In the online realm, opinions are stated as facts and trolls seem to be everywhere. Yet, into this semi-toxic environment your business must wade, since the hazards are worth engaging customers and prospects.
It’s vital to have a plan for that engagement—and to make sure everyone who handles social media for you knows that plan. Here are a few key points to help get you started.
It’s easy to set up accounts and put social media logos on your website. Keeping up with them is another challenge altogether. Assign monitoring and response tasks to a team member who already has social media experience—and a cool head. If nobody on your staff has those chops, outsource it or DIY. Either way, keep up with it. No modern business can afford deserted social media accounts.
Recent findings by survey technology company Qualtrics reveal that more than half of people who have complaints post them on Facebook; over 70 percent of them expect a response within 24 hours. Your response need not be limited to complaints, though. Compliments, praise or suggestions usually merit a reply. One tactic that isn’t an option is silence. In the face of criticism it may seem the least troublesome path, but it’s a bad reflection on your business if your customers’ negative reviews or complaints aren’t met with a response from you. Hiding won’t make it go away.

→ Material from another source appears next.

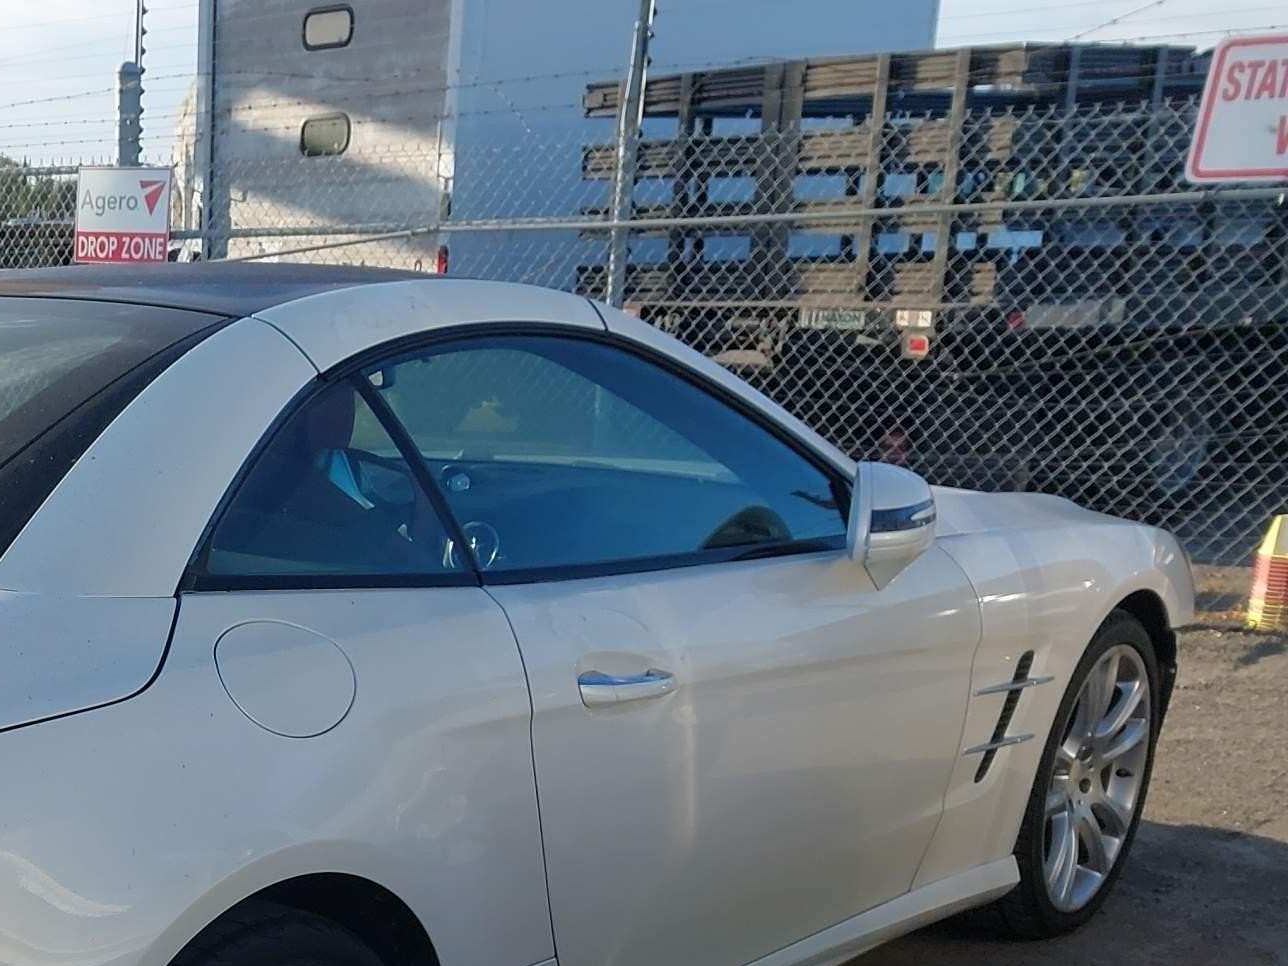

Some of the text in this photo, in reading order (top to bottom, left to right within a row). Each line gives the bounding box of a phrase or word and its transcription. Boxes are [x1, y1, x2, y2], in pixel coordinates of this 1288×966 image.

If a customer complaint is responded to with attitude or malice, your feed becomes a public argument . Be nice. Apologize, even if you are right. Bend over backward to make the situation right in your customer’s eyes. On social media, comments and reviews are public knowledge. Your other customers and prospects are watching.
This is your way of proving you walk the walk to your customers. Make contact and work with them to fulfill the promise your business makes. Just like you would in the brick and mortar world.
Really, these social media tenets are much like the in-person approach. Good customer service means proactive, prompt, civil follow up—online or off.